シズクさんのシュンさんを見つめる視線の熱さは、端から見ても明らかなのに。
あれで気付かないんだね。
「おっ、そうだトーマ。シズクの紹介をしてあげたほうがいいんじゃないか?」
「そうだな。アメリア、時々話題にはなっていたと思う。彼女がシズク、王家の命で世界各地を飛び回ってる諜報員だ」
「初めまして! 錬金術師のアメリアです。よろしくお願いします」
「こちらこそ」
返事は一言だけだった。
この人はシュンさん以外には不愛想なのかな?
それにしても変わった服装……
王都でも見たことのない形式だし、首に巻いたマフラーが一番気になる。
こんなに外が暑いのに平気なのかな?
よく見ると涼しい顔をして汗一つかいていない。
不思議な雰囲気の人だなぁ。
「さてと、とりあえず乗り切ったはいいが……」
「ああ、街の住人たちは不安がっているだろうな。何せこの領地に王都から貴族が来るなんて早々ないことだ。

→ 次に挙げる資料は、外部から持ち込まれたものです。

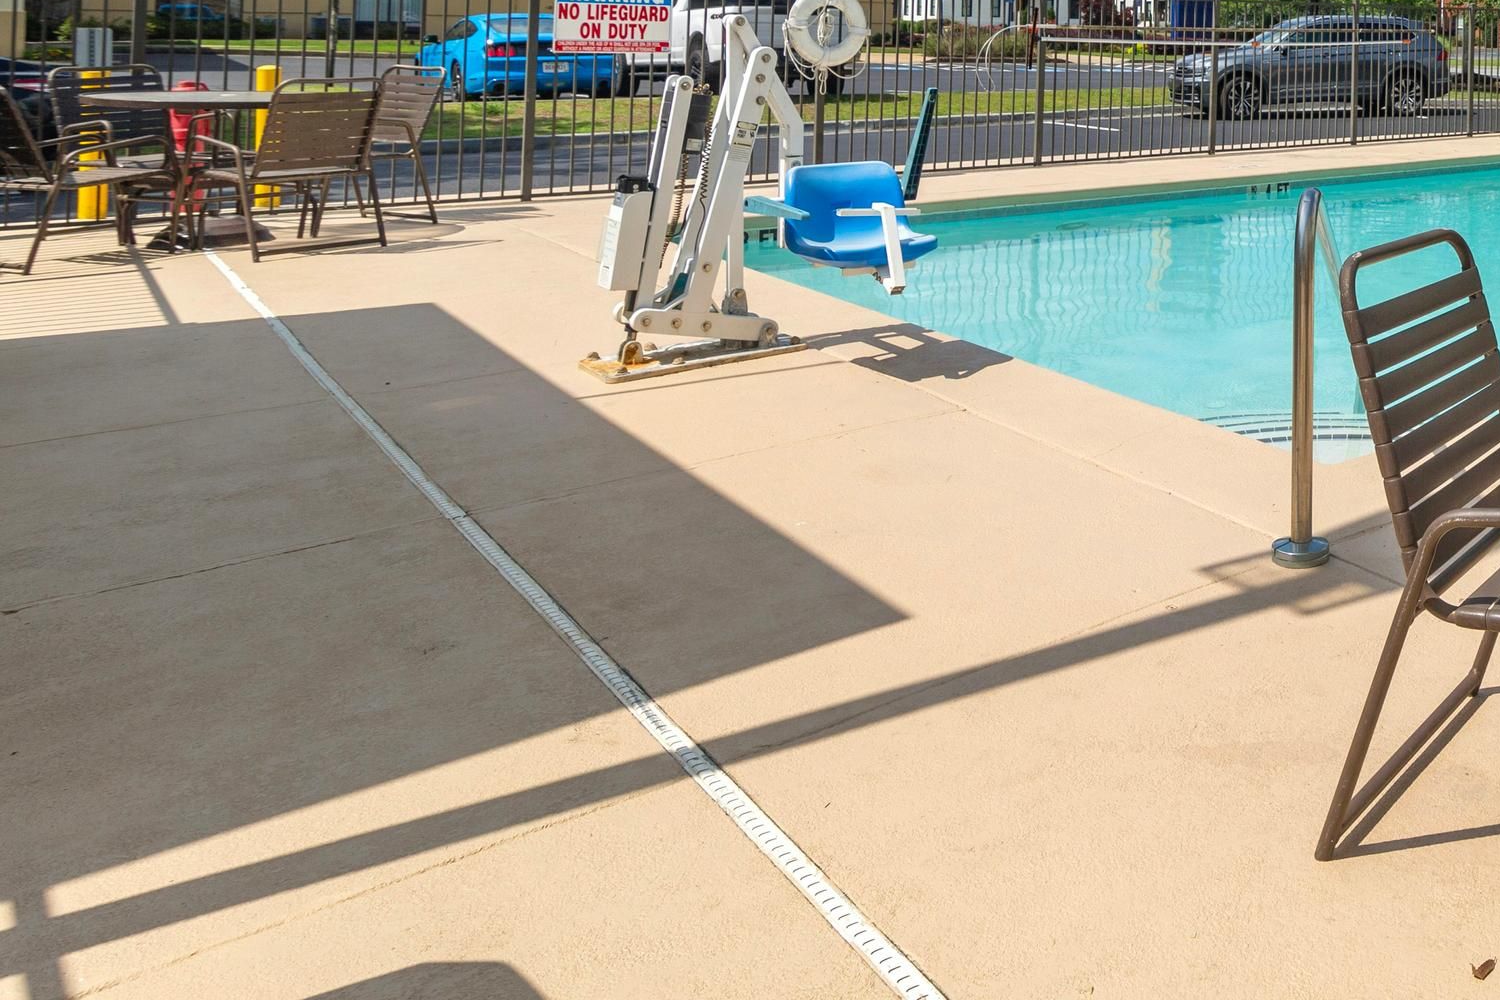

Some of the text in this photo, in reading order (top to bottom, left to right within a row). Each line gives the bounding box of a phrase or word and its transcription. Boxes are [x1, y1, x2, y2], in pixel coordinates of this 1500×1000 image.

何かトラブルが起こったんじゃないかと疑う者もいるだろう」
「だな。噂が広がって騒ぎになる前に、俺たちで説明に行こう。シュン、悪いが同行を頼めるか?」
「もちろん」
トーマ君とシュンさんは二人で話を進めて、街の人たちに事情を説明しに行くことに。
私の所為なんだし、私も同行すると提案したいけど……
「俺たちだけの方が説明しやすい。悪いがアメリアは屋敷にいてくれ」
「わかったよ。ごめんね、トーマ君」
「気にするなって。シズクには俺たちがいない間、屋敷と彼女のことを頼めるか?」
「良いよ」
「助かるよ。それじゃ行ってくる」
手を振り、トーマ君とシュンさんは街の方へ歩いていく。
気にするな、なんて簡単に言うけど、どうしたって気にするよ。
私がいなければ、カイウス様がこの地を訪れることはなかったんだから。
「また迷惑かけちゃったな……」
ぼそりと呟く。
自分にしか聞こえないと思う声量で。